■ EXERCISE OBJECTIVE ■
Reprint each record exactly. Pictures are not reprinted.
***** DATA RECORDS
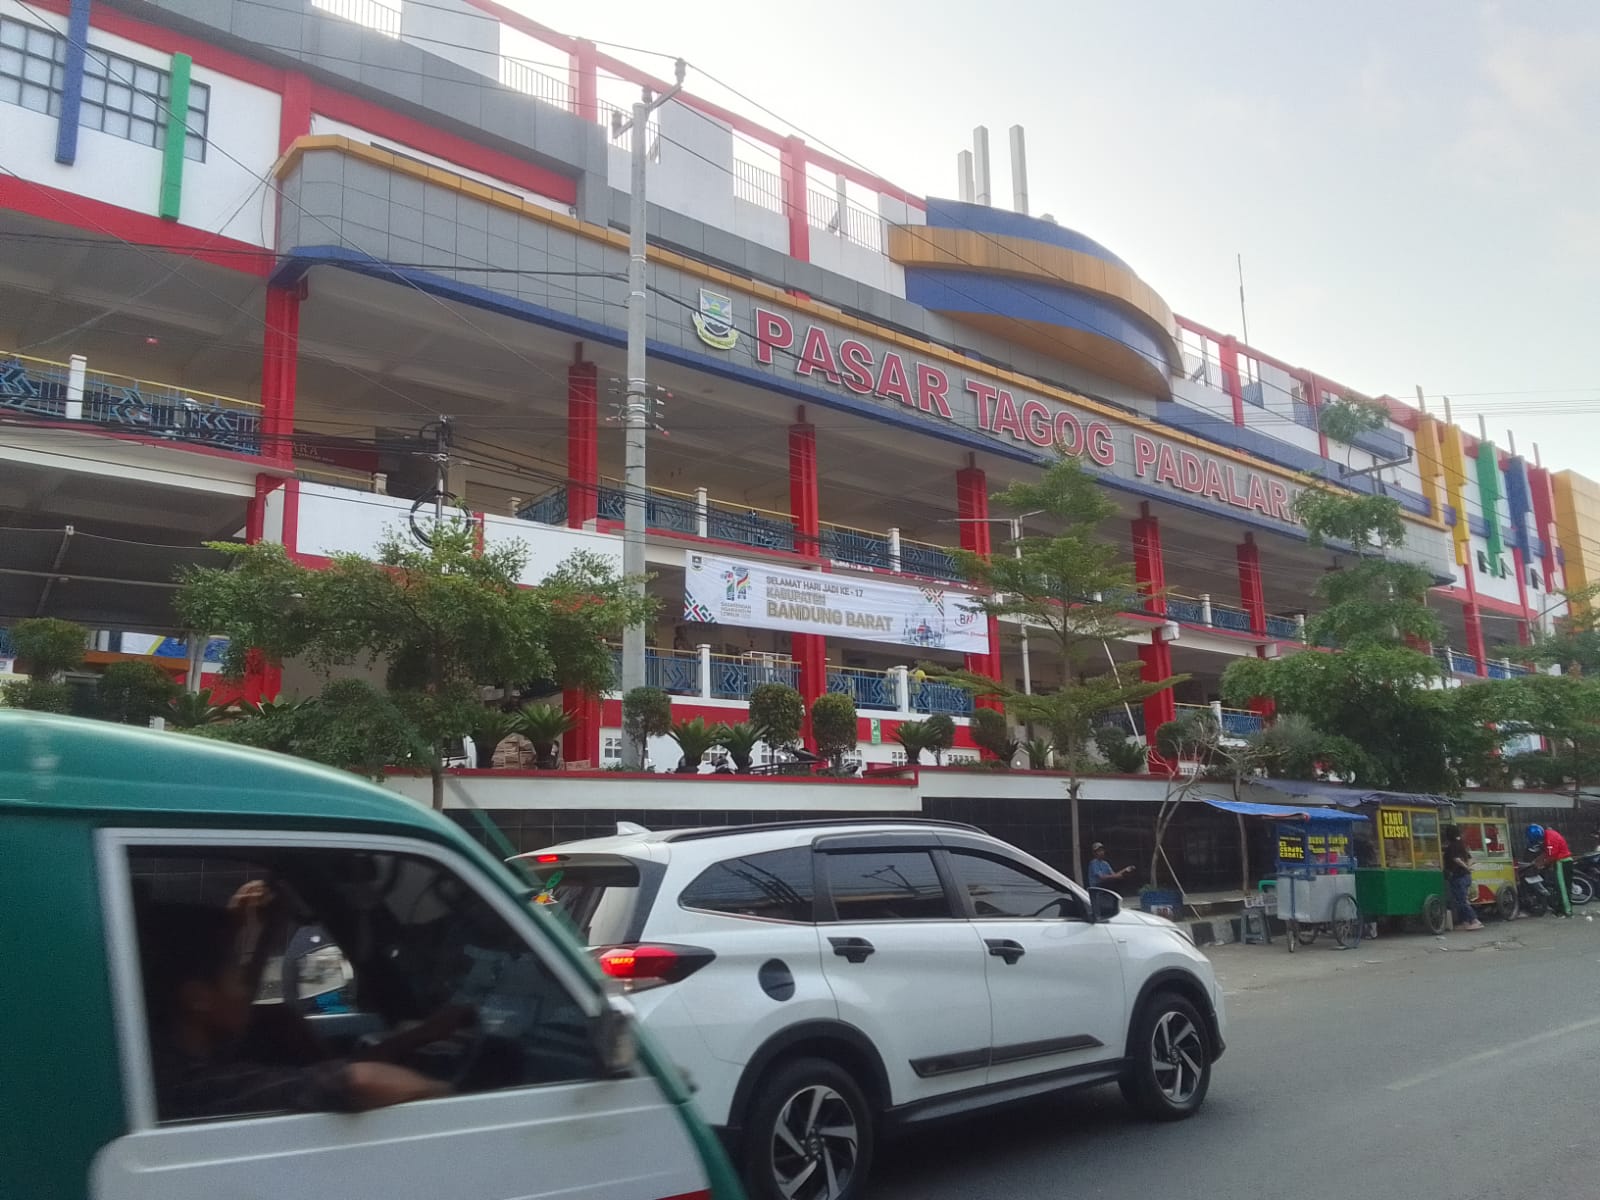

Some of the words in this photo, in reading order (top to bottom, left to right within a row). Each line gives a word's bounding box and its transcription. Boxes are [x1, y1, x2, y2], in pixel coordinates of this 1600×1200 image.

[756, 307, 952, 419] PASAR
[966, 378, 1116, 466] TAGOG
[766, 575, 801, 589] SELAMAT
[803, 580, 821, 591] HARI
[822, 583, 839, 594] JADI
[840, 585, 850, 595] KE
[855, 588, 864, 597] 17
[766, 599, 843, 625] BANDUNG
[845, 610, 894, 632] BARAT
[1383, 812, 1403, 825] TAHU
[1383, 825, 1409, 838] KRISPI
**********
■ RESPONSE AREA ■
Some of the words in this photo, in reading order (top to bottom, left to right within a row). Each line gives a word's bounding box and its transcription. Boxes are [x1, y1, x2, y2], in pixel coordinates of this 1600×1200 image.

[756, 307, 952, 419] PASAR
[966, 378, 1116, 466] TAGOG
[766, 575, 801, 589] SELAMAT
[803, 580, 821, 591] HARI
[822, 583, 839, 594] JADI
[840, 585, 850, 595] KE
[855, 588, 864, 597] 17
[766, 599, 843, 625] BANDUNG
[845, 610, 894, 632] BARAT
[1383, 812, 1403, 825] TAHU
[1383, 825, 1409, 838] KRISPI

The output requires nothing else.